My sister is nine- to twelve-weeks pregnant. Her tentative due date is Christmas time. My mother started crying. She understood why Anne wasn't eating any of the seafood.
The announcement didn't hit me like a punch to the gut. Time didn't slow down. There was no rush of adrenaline. What immediately went through my mind was, It's still very early, there are plenty of things that could go wrong. I am not proud that this was my first reaction.
While many were cooing and congratulating, I folded my hands at the picnic table and prayed desperately for grace, for myself and for Leah. Leah put on a good show, but we left minutes later, before Mom could bring out the Boston creme pie she'd bought.
There is a part of me that's happy for Anne. All I think she's really wanted to be was a mother. Up until now she and her husband have gathered around themselves a menagerie of animals (two Labradors, two ferrets, a chihuahua, salt-water fish, a horse) that I imagine are vessels into which they pour their love.
The larger part of me is angry, betrayed, disappointed, and frustrated. My other sister, Sally, understood immediately how we felt. She looked at Leah and asked if she wanted to be the first. It's easy to feel like we deserve this more. We're better educated, have more financial security, and have been working for this more.
The sad thing is that none of that matters.
We're still praying for grace. When Leah got home, she called her mother and sobbed on the phone with her four half and hour. Sandy must have been worried, because she called back twenty-five minutes later to make sure that Leah was okay.
We are allowing ourselves a little bit of time to indulge some of our uglier urges. We've decided that while we might not have the first baby of either of our families, we'll certainly have the best one. Leah is committed to holding onto twins. I am spending not inconsiderable amounts of time thinking of redneck names that Anne can name her child. When we calm ourselves down, we know that it will probably be a good thing for our children to have older cousins to pal around with. Especially considering how precocious our children are likely to be.

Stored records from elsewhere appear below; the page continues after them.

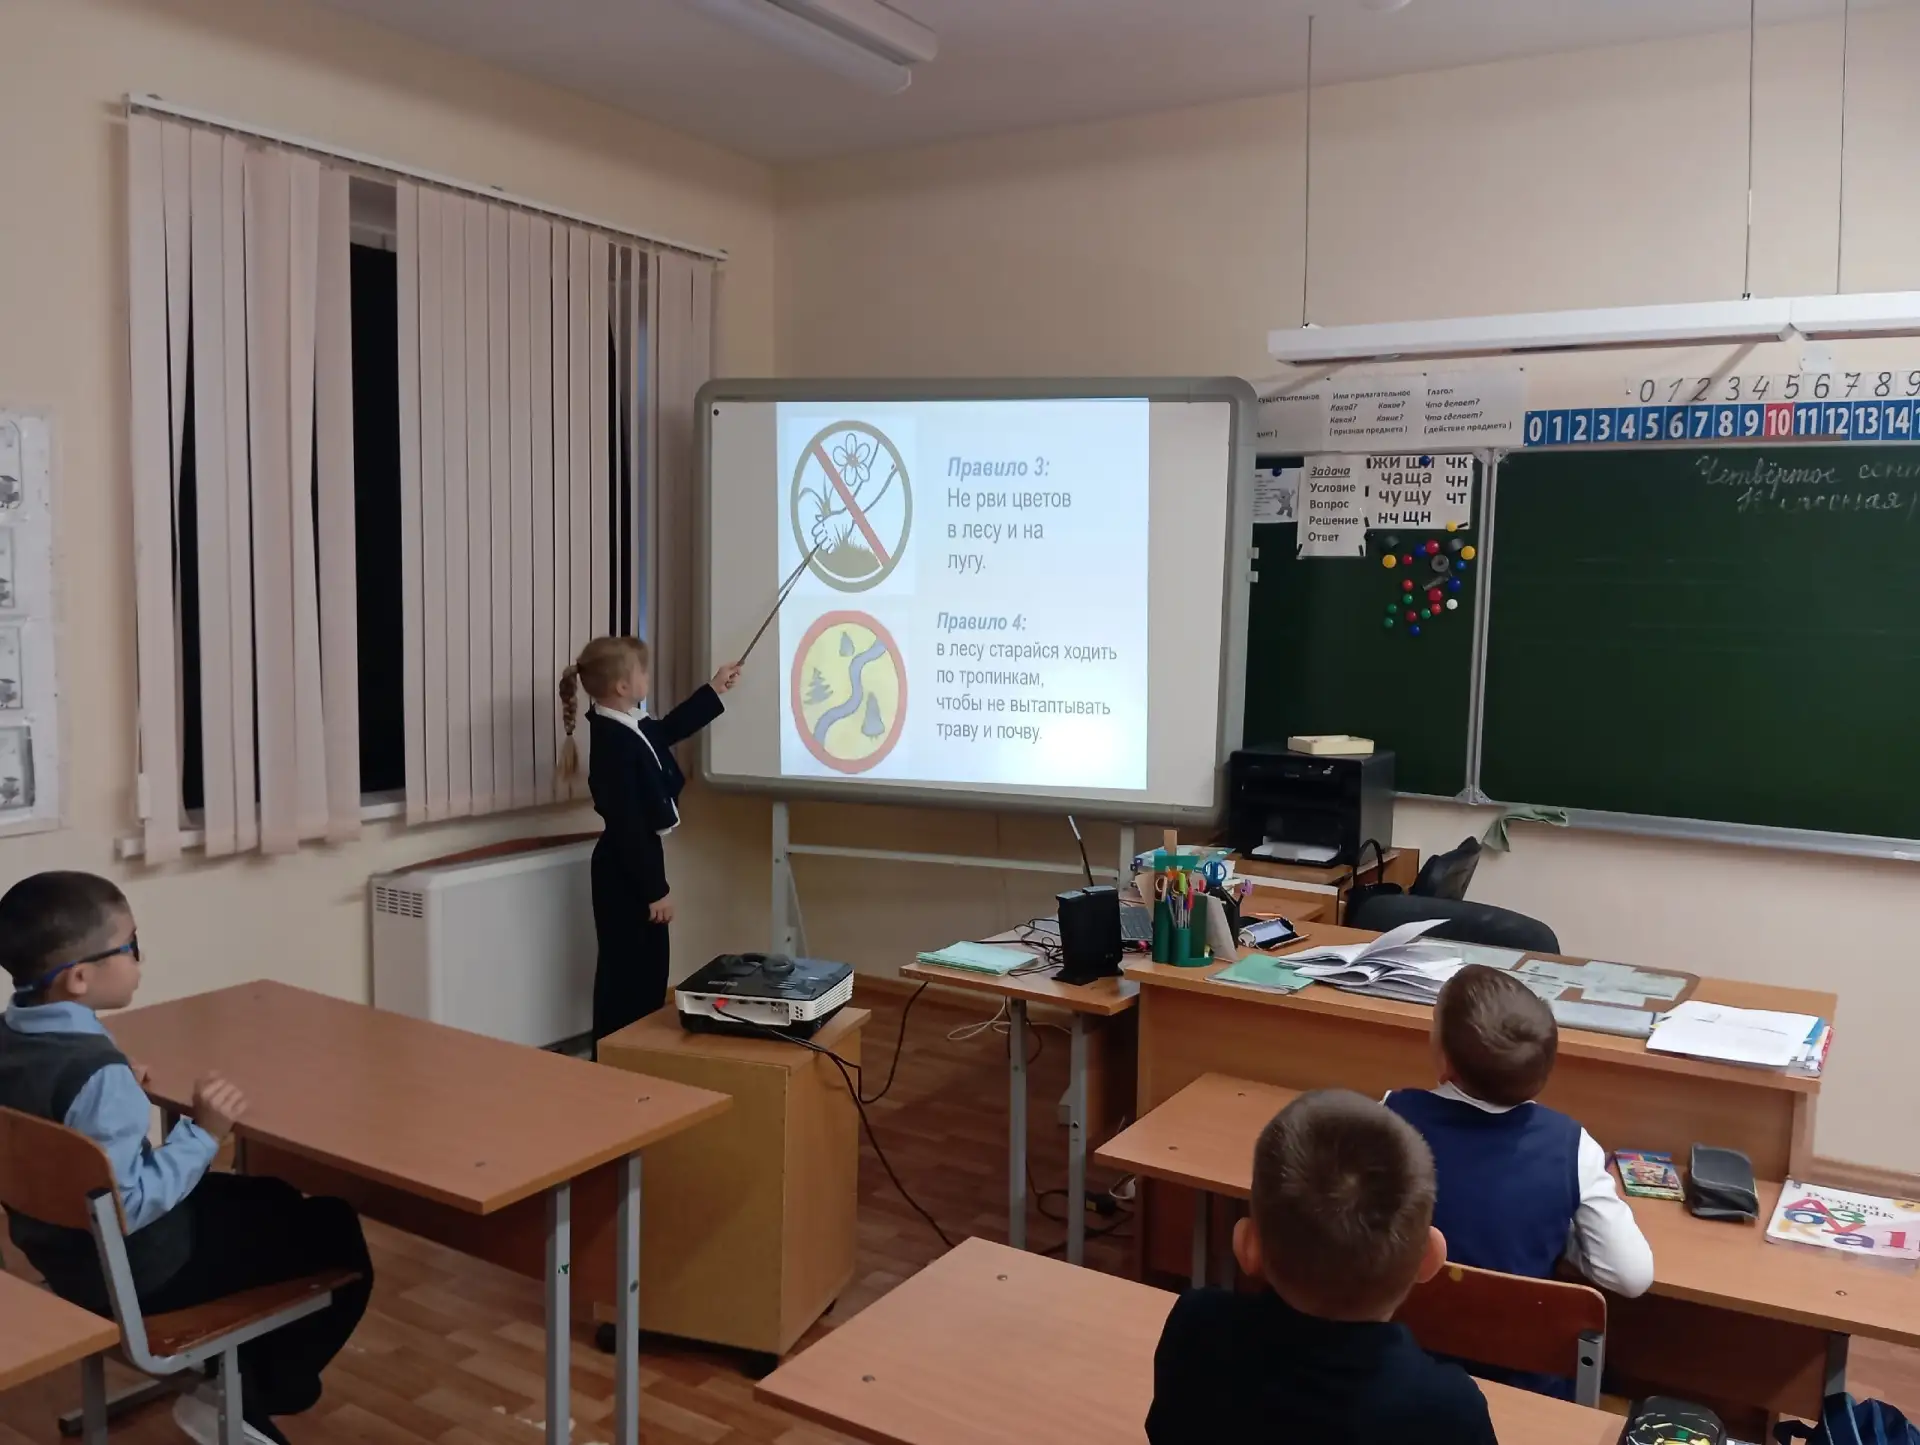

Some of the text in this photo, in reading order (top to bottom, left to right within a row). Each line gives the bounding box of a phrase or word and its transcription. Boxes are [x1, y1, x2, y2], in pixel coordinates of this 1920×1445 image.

[1640, 371, 1920, 402] 0 1 2 3 4 5 6 7 8 9
[1378, 401, 1405, 409] Какое?
[1444, 398, 1480, 407] делает?
[1376, 414, 1404, 422] Какие?
[1444, 411, 1483, 420] сделает?
[1529, 417, 1542, 441] 0
[1553, 416, 1562, 440] 1
[1574, 415, 1587, 440] 2
[1597, 414, 1610, 440] 3
[1621, 414, 1635, 439] 4
[1645, 413, 1659, 439] 5
[1669, 412, 1684, 438] 6
[1695, 412, 1708, 437] 7
[1718, 410, 1733, 436] 8
[1744, 411, 1759, 435] 9
[1768, 409, 1790, 436] 10
[1797, 408, 1818, 434] 11
[1826, 408, 1848, 434] 12
[1855, 407, 1878, 434] 13
[1886, 407, 1909, 434] 14
[948, 456, 1050, 482] Правило 3:
[1310, 467, 1350, 476] Задача
[1310, 483, 1356, 493] Условие
[1446, 476, 1468, 487] чн
[948, 489, 1071, 514] Не рви цветов
[1446, 492, 1466, 504] чт
[1310, 500, 1349, 511] Вопрос
[1309, 516, 1359, 525] Решение
[1378, 511, 1431, 525] нч щн
[948, 523, 1044, 545] в лесу и на
[1308, 532, 1339, 542] Ответ
[947, 553, 987, 574] лугу.
[937, 613, 1027, 634] Правило 4:
[937, 642, 1117, 664] в лесу старайся ходить
[937, 669, 1044, 689] по тропинкам,
[937, 694, 1111, 718] чтобы не вытаптывать
[937, 722, 1042, 744] траву и почву.

We are going to be taking some time off from family gatherings from the time being. We understand that people are going to be excited, even if we can't share in it right now. We'll come back to the fold, but for the moment we feel pretty alone in this project.

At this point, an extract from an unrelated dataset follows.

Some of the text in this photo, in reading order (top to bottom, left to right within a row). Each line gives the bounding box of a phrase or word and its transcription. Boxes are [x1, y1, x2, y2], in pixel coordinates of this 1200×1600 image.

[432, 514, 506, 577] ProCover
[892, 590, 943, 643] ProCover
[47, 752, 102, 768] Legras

At least we have each other.
I think it would be a difficult day for Leah, anyway. She teaches elementary school, and so she spent two days this week helping her students celebrate their own mothers. Even the grocery stores sprout special displays reminding shoppers to remember their mothers.
The day is fraught for me, also, but in a very different way. My parents divorced when I was in eighth grade, and my dad remarried ten years ago. I've been saddled with a mother whom I am too much alike. I struggle with showing my appreciation for her bringing me into the world and helping me become the person that I am, but also with being honest about how I feel about the person she's become in the last few years.
Yesterday it was 102 degrees in the Valley of the Sun, where we make our home. Mom decided that she wanted to celebrate her day by grilling seafood. Her four children were to gather at the trailer park where her partner lives with his father from three o'clock until six-thirty. There was to be a beach theme.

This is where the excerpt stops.